Please set down, unchanged, the line containing "this 1920×1080 image." and all the lines that follow it until the data below ends.

=== Section Start ===

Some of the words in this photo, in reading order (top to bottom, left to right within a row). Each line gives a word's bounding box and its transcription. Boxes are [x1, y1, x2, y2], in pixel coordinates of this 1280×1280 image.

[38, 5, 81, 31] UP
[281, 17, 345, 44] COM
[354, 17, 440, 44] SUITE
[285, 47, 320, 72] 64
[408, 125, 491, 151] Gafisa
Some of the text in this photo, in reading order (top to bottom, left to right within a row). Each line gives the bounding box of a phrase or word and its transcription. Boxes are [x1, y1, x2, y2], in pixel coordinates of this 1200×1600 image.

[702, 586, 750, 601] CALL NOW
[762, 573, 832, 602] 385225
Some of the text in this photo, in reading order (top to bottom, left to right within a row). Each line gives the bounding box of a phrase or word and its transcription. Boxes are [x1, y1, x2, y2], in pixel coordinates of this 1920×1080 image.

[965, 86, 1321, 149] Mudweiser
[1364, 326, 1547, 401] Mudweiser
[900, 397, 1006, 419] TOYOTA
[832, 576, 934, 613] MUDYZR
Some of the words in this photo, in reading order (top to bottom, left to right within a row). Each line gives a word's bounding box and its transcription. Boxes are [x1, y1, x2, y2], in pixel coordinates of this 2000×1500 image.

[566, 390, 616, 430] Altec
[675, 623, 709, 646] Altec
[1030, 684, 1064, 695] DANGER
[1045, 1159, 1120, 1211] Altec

=== Section End ===

EXERCISE ANSWER:
Some of the text in this photo, in reading order (top to bottom, left to right within a row). Each line gives the bounding box of a phrase or word and its transcription. Boxes are [x1, y1, x2, y2], in pixel coordinates of this 1920×1080 image.

[965, 86, 1321, 149] Mudweiser
[1364, 326, 1547, 401] Mudweiser
[900, 397, 1006, 419] TOYOTA
[832, 576, 934, 613] MUDYZR
Some of the words in this photo, in reading order (top to bottom, left to right within a row). Each line gives a word's bounding box and its transcription. Boxes are [x1, y1, x2, y2], in pixel coordinates of this 2000×1500 image.

[566, 390, 616, 430] Altec
[675, 623, 709, 646] Altec
[1030, 684, 1064, 695] DANGER
[1045, 1159, 1120, 1211] Altec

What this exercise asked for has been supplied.